ベージュ色の壁と屋根。目の前には大きなゲートがあり看板がぶら下がっている。
その看板には『よるのまち』と書いてあった。
「………『よるのまち』…?!
……うそ、本当にあるの…?」
おっかなびっくりになりながらゲートをくぐる。
美味しそうな匂いと楽しげな音。
中央付近まで歩いていくと、人間と、それから人間ではないものが楽しそうに宴をしていた。
それをぼーっと見ていると、横から驚かせないように声をかけてきた人が居た。
「こんばんは。新入りさんだよね?」
「………こ、こんばんは。」
見た目はふわふわの犬みたい。でも二足歩行だ。
顔はとても可愛らしい顔をしていて撫でたくなる。
「珍しい、っていうか見たことないよね。私たちのような種族は。人間さんもあっちにいるよ。
ここは『よるのまち』。毎日毎日頑張って偉かったね。今日くらいはゆっくり過ごしてね。
もちろん寝てもいいし、美味しいものをたくさん食べて騒いでもいいよ。ここでは現実世界の時間が進まないから安心して大丈夫。

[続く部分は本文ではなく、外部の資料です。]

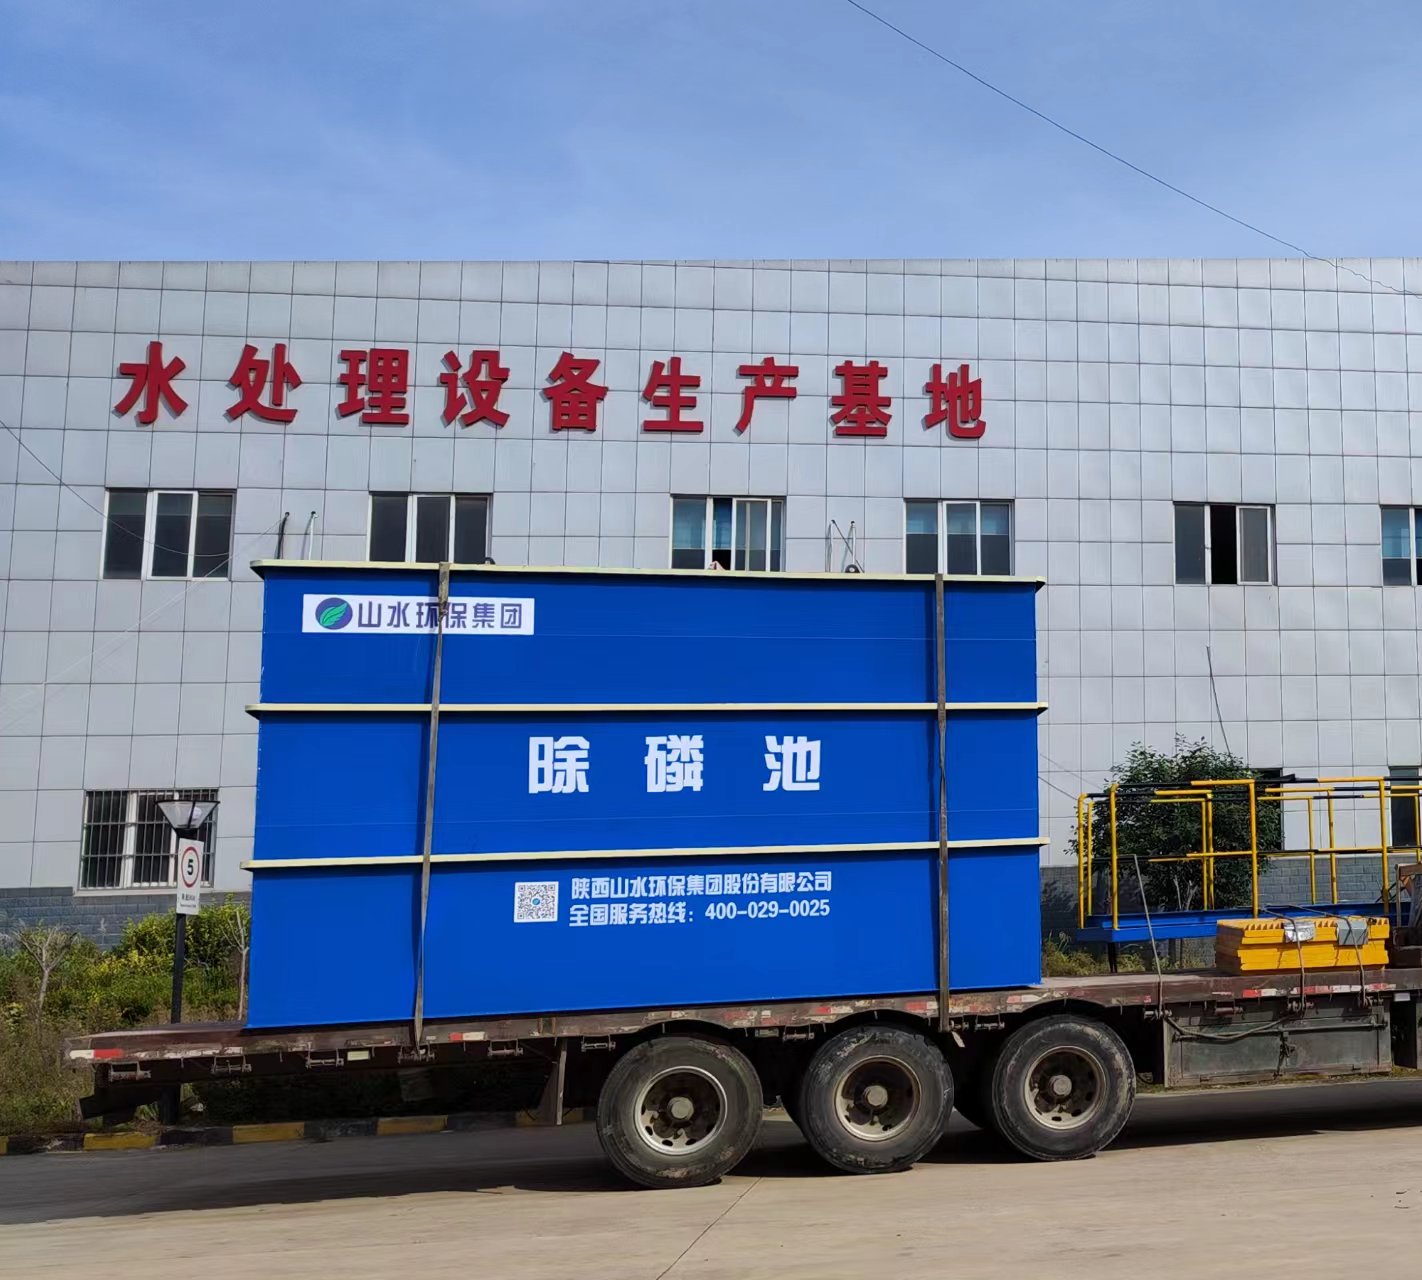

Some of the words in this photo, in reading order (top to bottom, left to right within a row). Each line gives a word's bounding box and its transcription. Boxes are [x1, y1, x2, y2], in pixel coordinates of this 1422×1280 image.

ただこっちで朝になるとこのまちは消えちゃうから向こうに戻っちゃうと思う。
最初は強制的に戻らされちゃうけど、2回目はここに居るか決めることが出来るようになるから、もし2回目に迷い込んだら選べるよ」
「…あの、迷惑じゃなければほんのすこし話を聞いていただけますか」
「うん、大歓迎!」
「私、今仕事に追われてて…、酷いときは会社で寝るときもあったりして…もう嫌で、苦しくて
死にたくなって」
「うんうん」
「それで、あるときに聞いた話を思い出して散歩してたんです。優しく歓迎してくれるまちがあるって」
「うん」
「……不思議ですね。このまちに居るだけで、なにもしなくても心がほどけていくようで」
「そういう街なの。ここはさ」
「向こうにあるご飯は食べても平気なんですか?」
「うん!食べても平気!迷い込んだ子達には無料で提供してるんだ!」
「すごいなあ」
お題:《街》
『私のやりたいこと』
私にはやりたいことがたくさんある。
大きなものから小さなことまで
ひとつひとつ叶えていくために書き出してみたら
100個を越えた。
たくさんやりたいことがあるって幸せだな。
これからも叶えられるように頑張りたい。
お題:《やりたいこと》
『朝』
朝、目が覚めてカーテンを開ける。
輝く朝日に全身が奮い立たされ目が覚める。
人間はやはり、日光を浴びないと生きていけないんじゃないかと思う。
仕事の日の朝は起きなければならないと
憂鬱なときがある。
でも、休みの日の朝は早起きすると
得した気分になる。
朝日は凄い。その光だけで人の心の持ちようを変えてくれるときだってある。
朝日の温もりは清々しく、とてもあたたかい。
そうして、大きく息を吸い込んで私の一日が始まるのだ。
お題:《朝日の温もり》
『これも真剣』
人生の岐路に立つ、とよく聞く。
岐路とはなんだろう?
そう思ったこともあった。
だが今まさに、私は人生の岐路に立たされている。
これがそうか。
私は真剣に重大なことについて悩んでいた。
今日の朝御飯はパンか、ご飯か………。
いやいや、これも大事な!人生の岐路だよね?!
私にとってはとても重大であり真剣にならざるを得ない問題。
うーん、奥が深い。
お題:《岐路》
『最後の日』
世界の終わりって、突然やってくるものだと思ってなかった。漠然と、世界の終わりが来ることをいつか知らされるのだと思っていた。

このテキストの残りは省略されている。